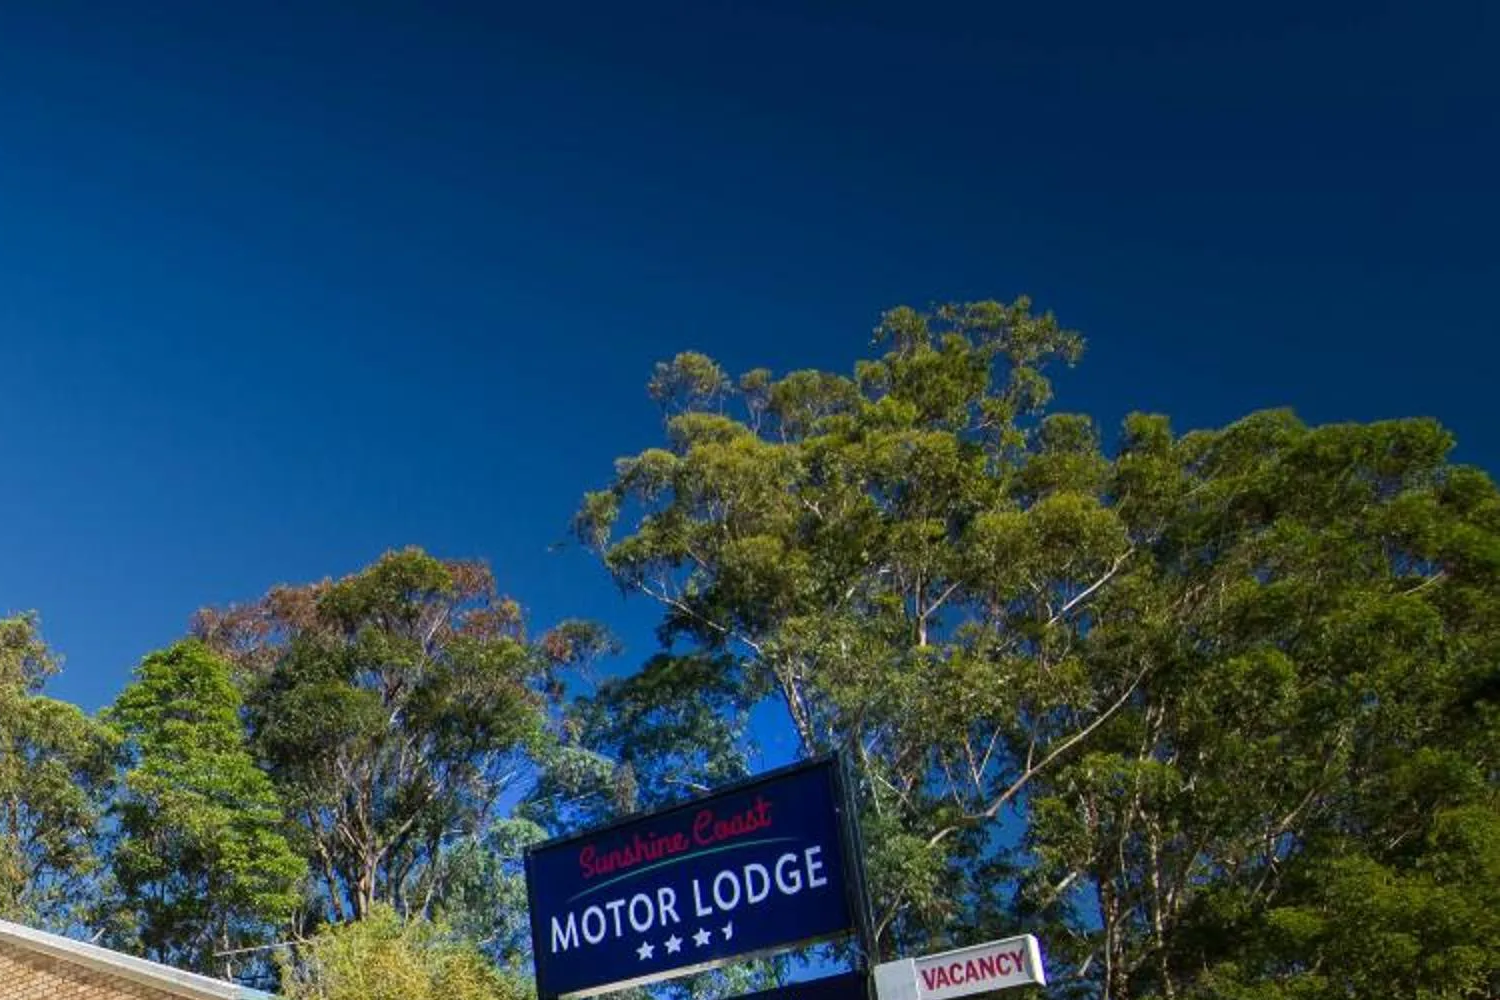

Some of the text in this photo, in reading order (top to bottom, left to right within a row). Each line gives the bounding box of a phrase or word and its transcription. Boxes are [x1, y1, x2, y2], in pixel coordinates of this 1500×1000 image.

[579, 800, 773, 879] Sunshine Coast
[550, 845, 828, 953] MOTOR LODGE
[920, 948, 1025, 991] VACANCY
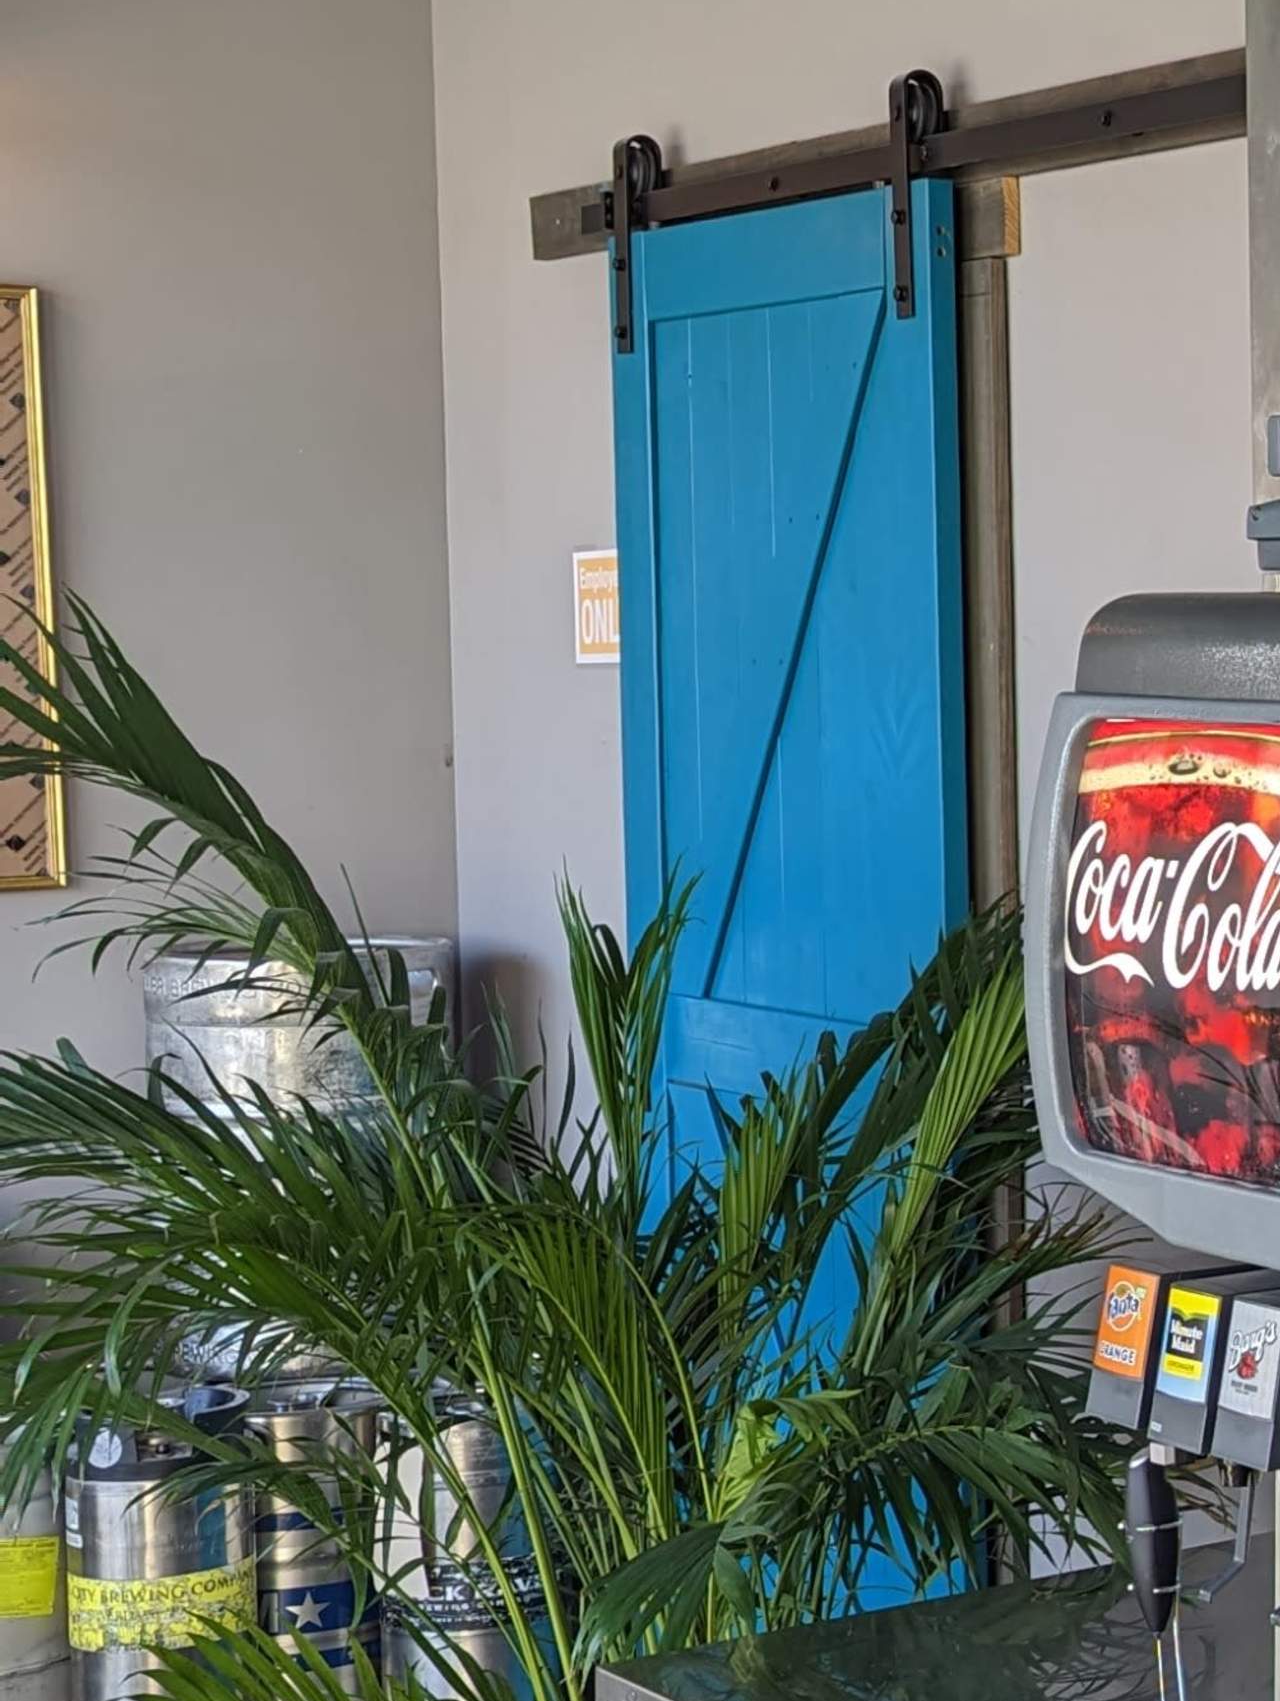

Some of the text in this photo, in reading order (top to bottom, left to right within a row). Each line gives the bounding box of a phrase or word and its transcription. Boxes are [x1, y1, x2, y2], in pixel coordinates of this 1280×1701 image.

* * *

The task: Pictures stay out, and every line of the records is transcribed exactly.

Answer area:
Some of the text in this photo, in reading order (top to bottom, left to right within a row). Each line gives the bounding box of a phrase or word and its transcription. Boxes are [x1, y1, x2, y2], in pixel coordinates of this 1500×1000 image.

[579, 800, 773, 879] Sunshine Coast
[550, 845, 828, 953] MOTOR LODGE
[920, 948, 1025, 991] VACANCY

Some of the text in this photo, in reading order (top to bottom, left to right within a row). Each line gives the bounding box of a phrase or word and its transcription. Boxes are [x1, y1, x2, y2], in pixel coordinates of this 1280×1701 image.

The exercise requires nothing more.